__Work instruction__:
The answer is an exact repeat of the entries below, with the pictures omitted.

*** Available records Section Begins ***

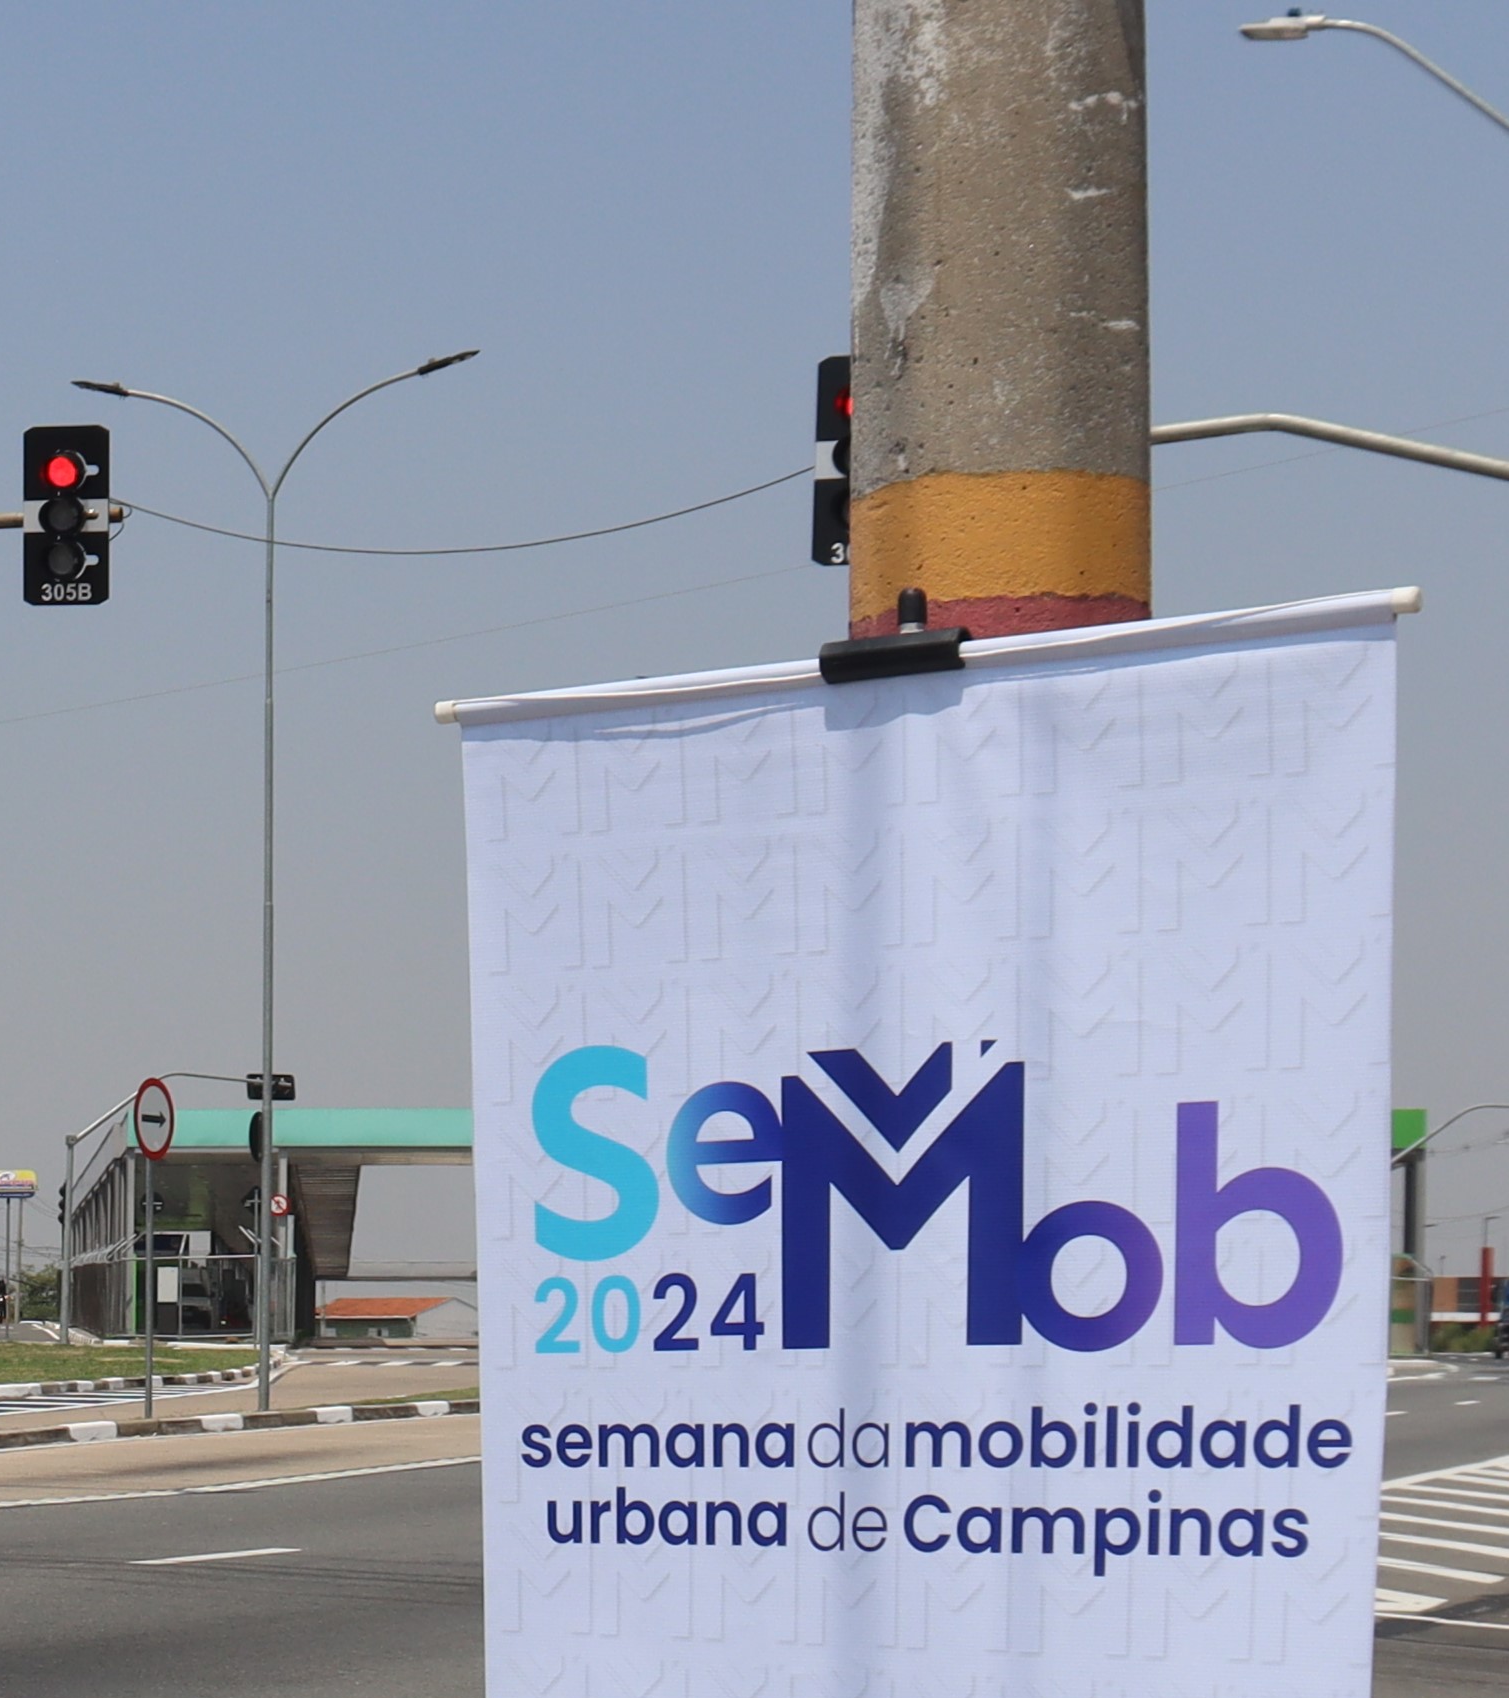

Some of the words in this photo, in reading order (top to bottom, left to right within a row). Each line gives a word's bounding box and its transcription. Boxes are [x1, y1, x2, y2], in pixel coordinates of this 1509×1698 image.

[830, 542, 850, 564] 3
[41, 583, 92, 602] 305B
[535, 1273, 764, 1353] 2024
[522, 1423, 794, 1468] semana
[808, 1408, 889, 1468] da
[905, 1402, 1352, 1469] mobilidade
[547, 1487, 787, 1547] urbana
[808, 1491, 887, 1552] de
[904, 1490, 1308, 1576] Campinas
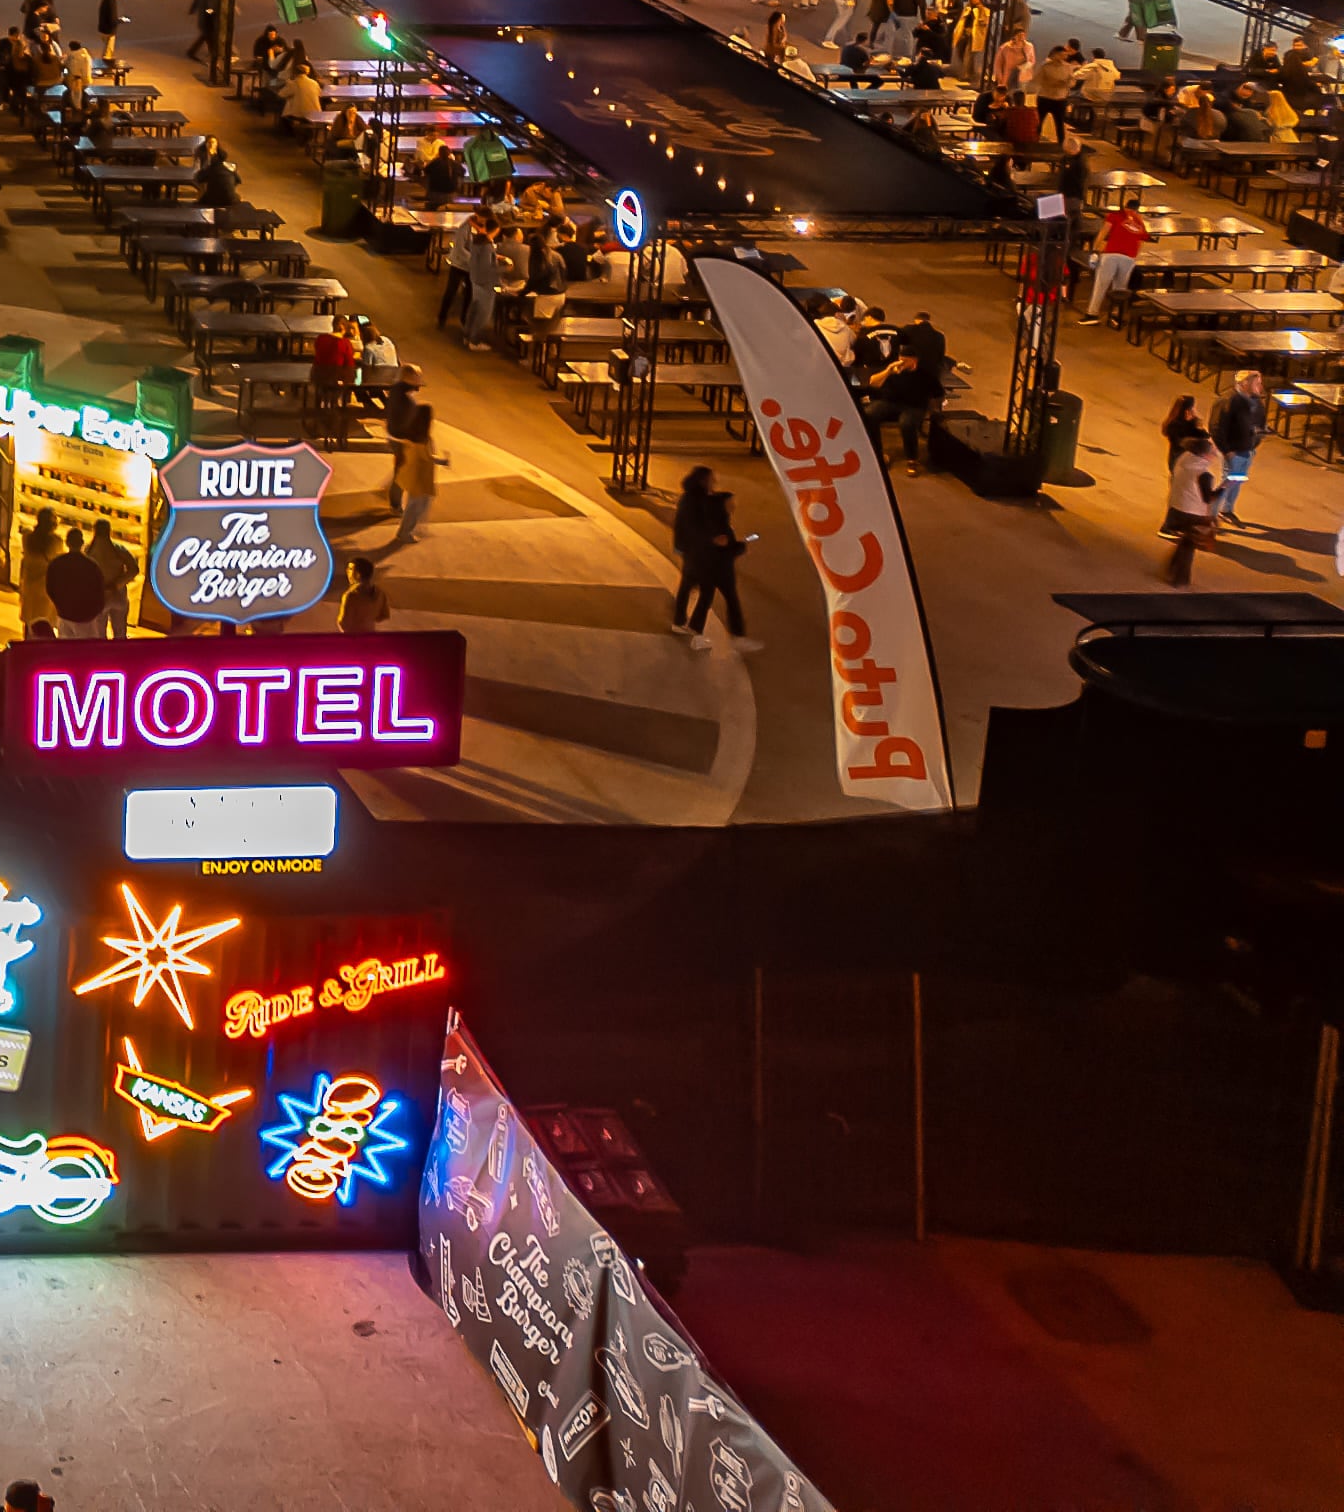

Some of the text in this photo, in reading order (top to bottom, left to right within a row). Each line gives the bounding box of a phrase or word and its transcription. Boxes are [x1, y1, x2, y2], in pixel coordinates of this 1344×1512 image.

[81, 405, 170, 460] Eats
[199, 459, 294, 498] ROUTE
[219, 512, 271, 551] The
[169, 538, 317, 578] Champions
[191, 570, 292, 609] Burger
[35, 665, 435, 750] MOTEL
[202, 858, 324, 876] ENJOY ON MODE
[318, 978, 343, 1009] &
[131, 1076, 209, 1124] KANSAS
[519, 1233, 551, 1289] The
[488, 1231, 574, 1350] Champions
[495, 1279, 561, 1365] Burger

*** Available records Section Ends ***

__Written answer__:
Some of the words in this photo, in reading order (top to bottom, left to right within a row). Each line gives a word's bounding box and its transcription. Boxes are [x1, y1, x2, y2], in pixel coordinates of this 1509×1698 image.

[830, 542, 850, 564] 3
[41, 583, 92, 602] 305B
[535, 1273, 764, 1353] 2024
[522, 1423, 794, 1468] semana
[808, 1408, 889, 1468] da
[905, 1402, 1352, 1469] mobilidade
[547, 1487, 787, 1547] urbana
[808, 1491, 887, 1552] de
[904, 1490, 1308, 1576] Campinas

Some of the text in this photo, in reading order (top to bottom, left to right within a row). Each line gives the bounding box of a phrase or word and its transcription. Boxes are [x1, y1, x2, y2], in pixel coordinates of this 1344×1512 image.

[81, 405, 170, 460] Eats
[199, 459, 294, 498] ROUTE
[219, 512, 271, 551] The
[169, 538, 317, 578] Champions
[191, 570, 292, 609] Burger
[35, 665, 435, 750] MOTEL
[202, 858, 324, 876] ENJOY ON MODE
[318, 978, 343, 1009] &
[131, 1076, 209, 1124] KANSAS
[519, 1233, 551, 1289] The
[488, 1231, 574, 1350] Champions
[495, 1279, 561, 1365] Burger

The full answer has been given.